§ **Requirement**: Find the line that contains "this 1659×2212 image." in the entries below. Output it and each later line exactly, and nothing else.
========
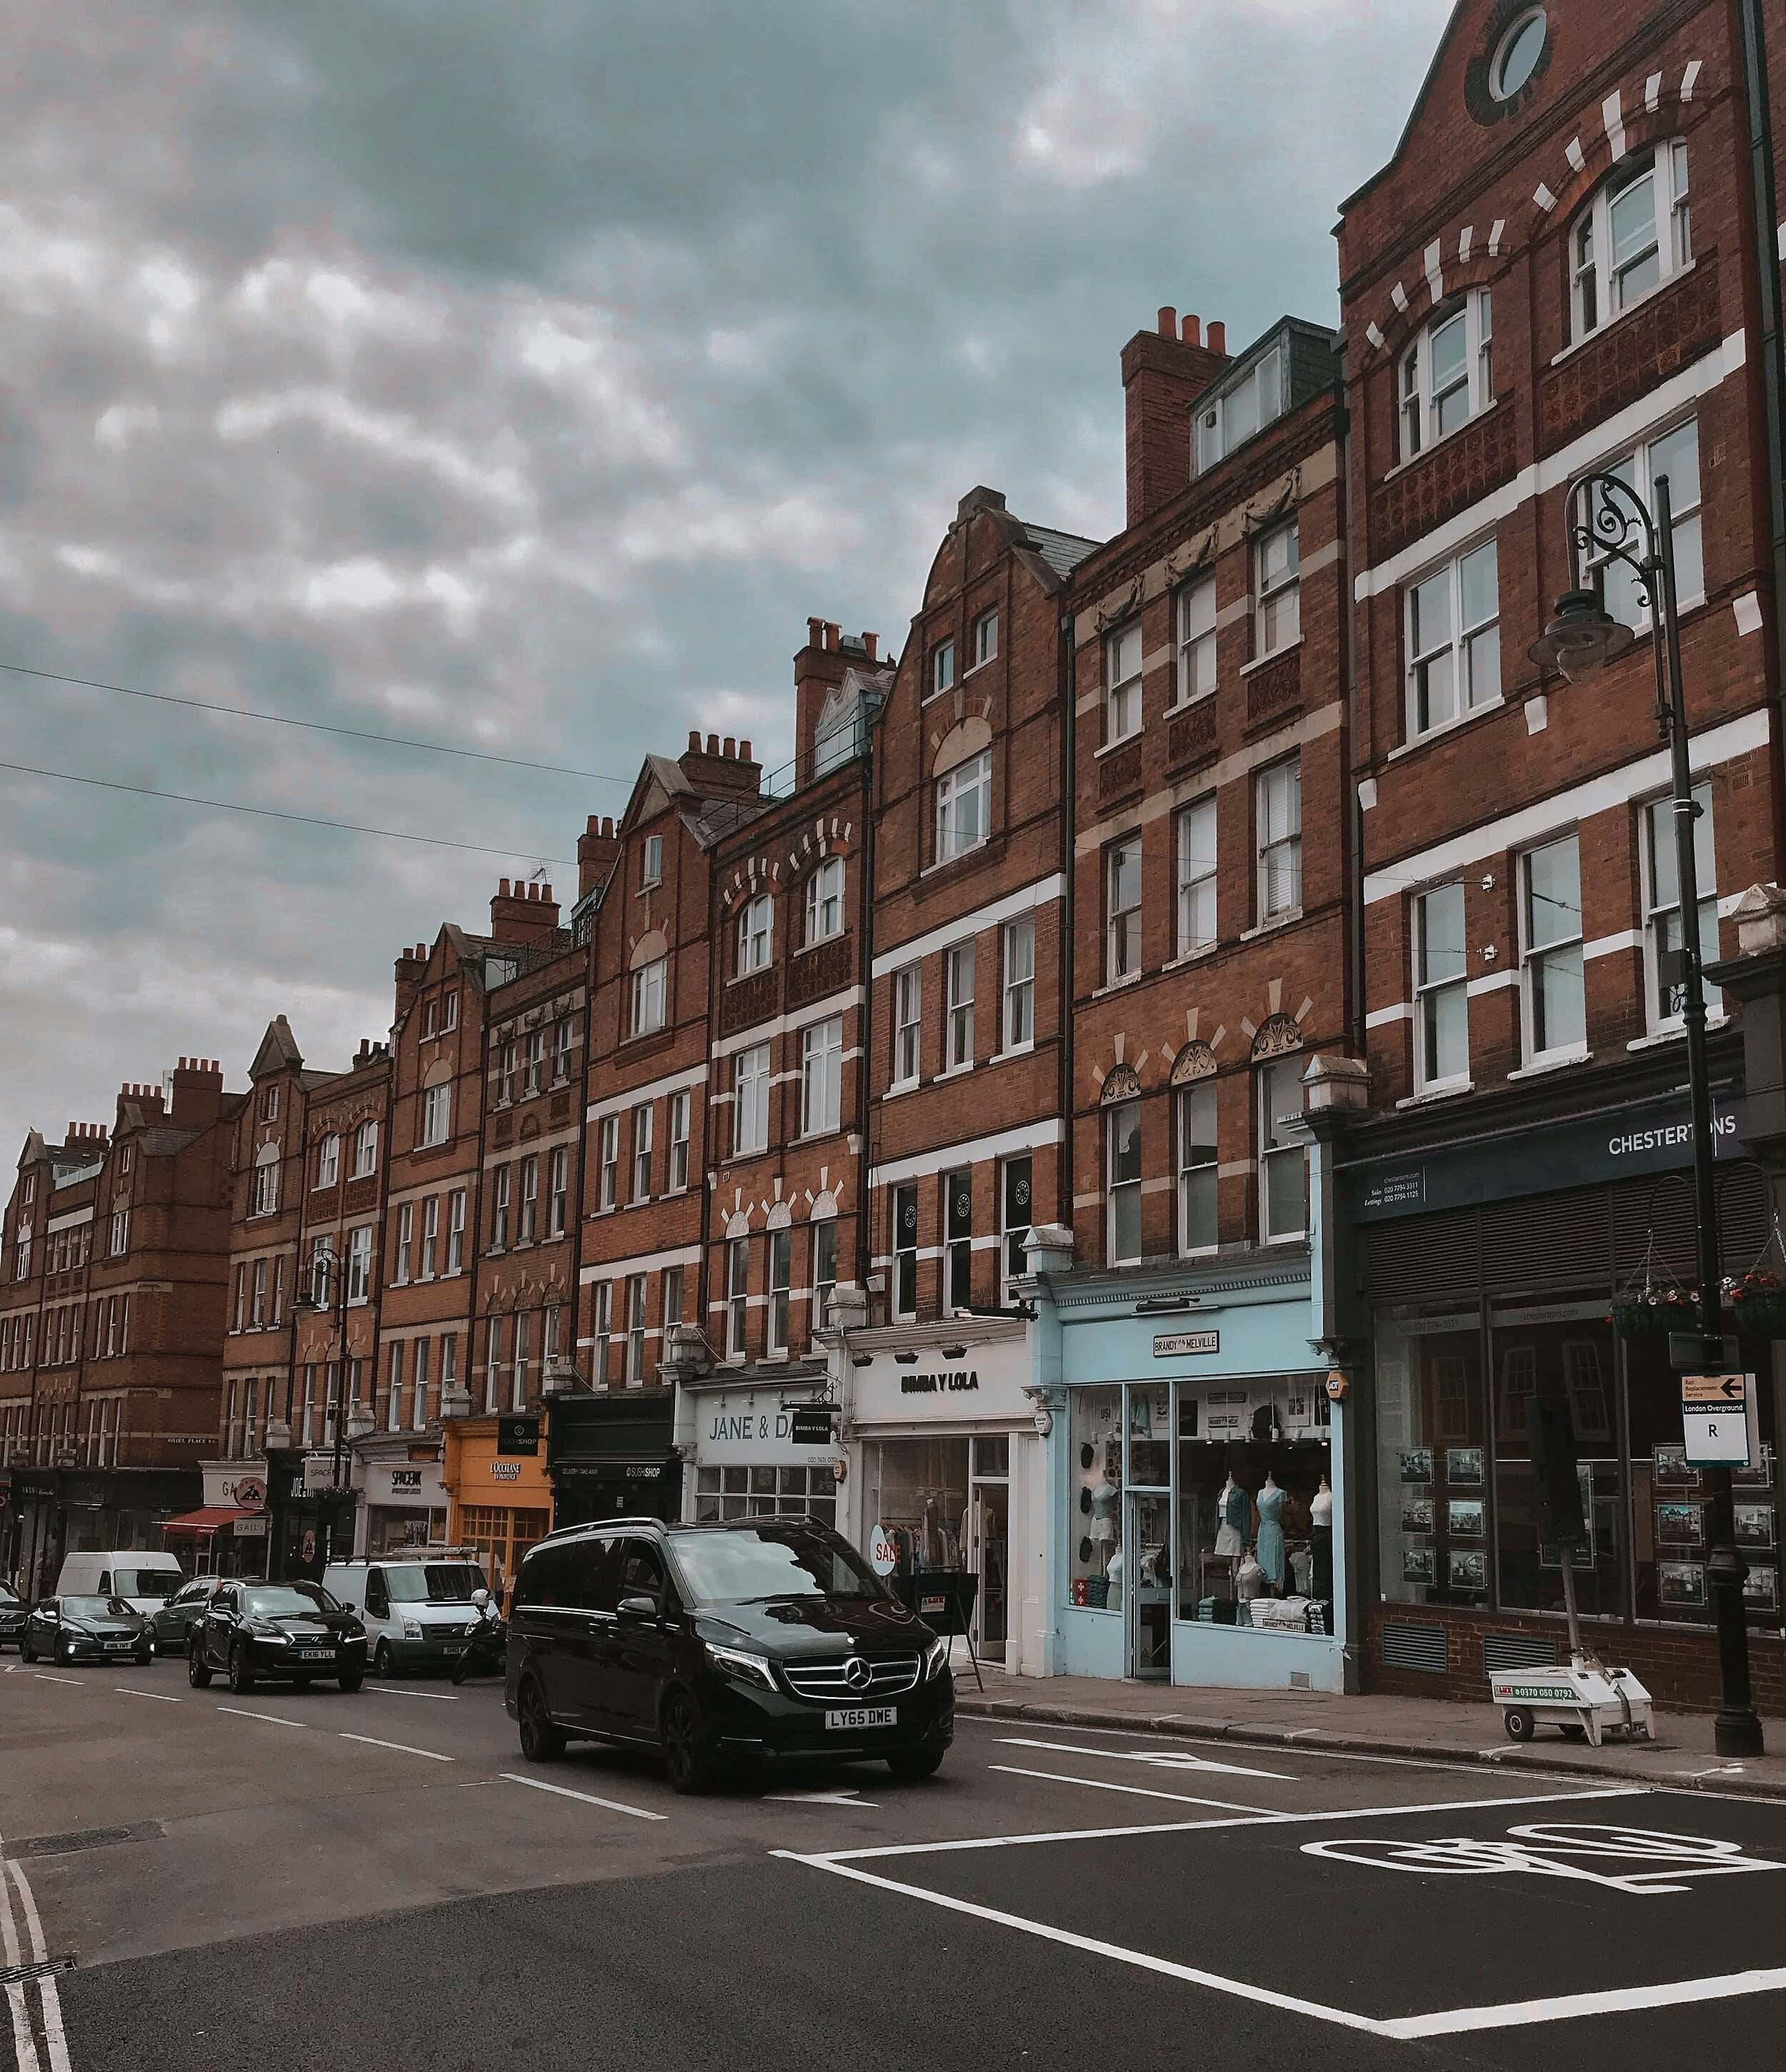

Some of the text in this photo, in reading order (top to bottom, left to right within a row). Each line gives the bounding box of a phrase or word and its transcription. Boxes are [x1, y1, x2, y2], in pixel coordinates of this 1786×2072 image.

[1609, 1115, 1736, 1155] CHESTERTNS
[1395, 1192, 1406, 1201] 7794
[1154, 1336, 1216, 1351] BRANDY MELVILLE
[901, 1371, 978, 1393] BIMBA Y LOLA
[1707, 1404, 1742, 1413] Overground
[709, 1416, 753, 1440] JANE
[759, 1415, 769, 1439] &
[1708, 1424, 1718, 1437] R
[291, 1478, 303, 1498] JOE
[876, 1543, 902, 1565] SALE
[1520, 1688, 1537, 1697] 0370
[1554, 1689, 1572, 1698] 0792
[831, 1709, 892, 1726] LY65 DWE
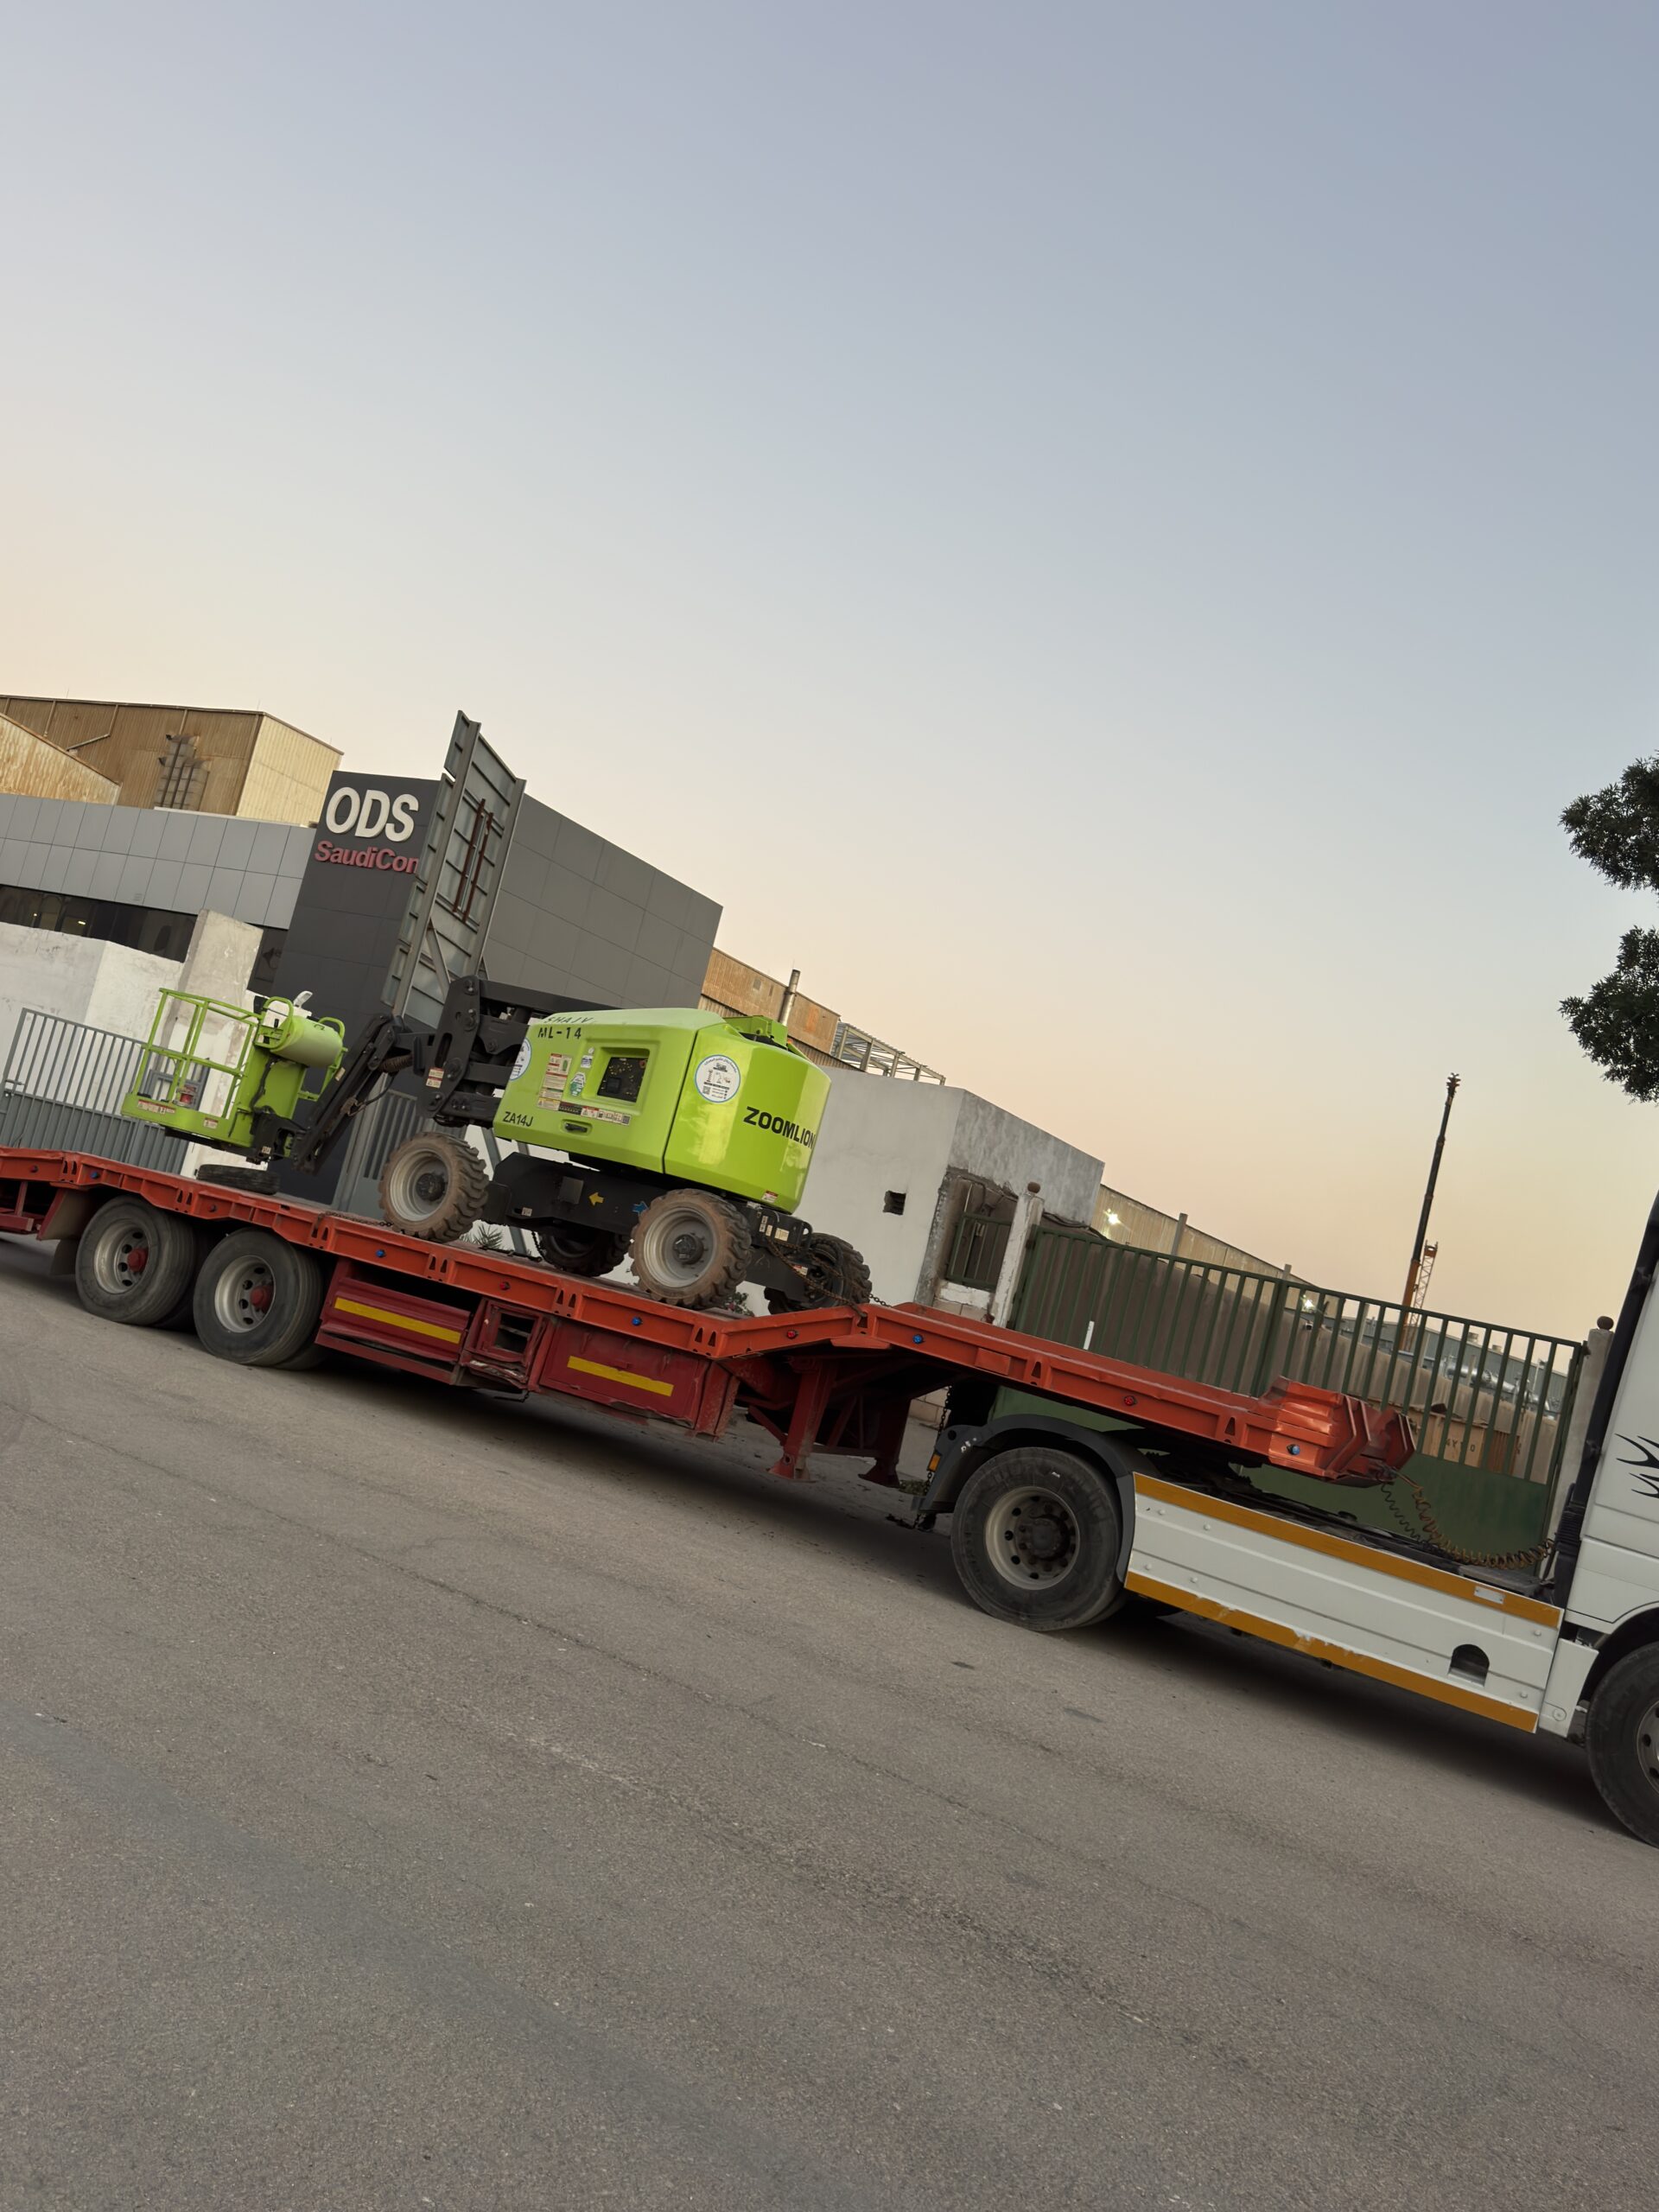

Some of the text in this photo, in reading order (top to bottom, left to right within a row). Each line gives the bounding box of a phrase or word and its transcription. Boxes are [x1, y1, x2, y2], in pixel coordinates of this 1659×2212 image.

[326, 787, 419, 842] ODS
[503, 1111, 534, 1128] ZA14J
[743, 1106, 817, 1149] ZOOMLION
========
§ **Task response**:
Some of the text in this photo, in reading order (top to bottom, left to right within a row). Each line gives the bounding box of a phrase or word and its transcription. Boxes are [x1, y1, x2, y2], in pixel coordinates of this 1659×2212 image.

[326, 787, 419, 842] ODS
[503, 1111, 534, 1128] ZA14J
[743, 1106, 817, 1149] ZOOMLION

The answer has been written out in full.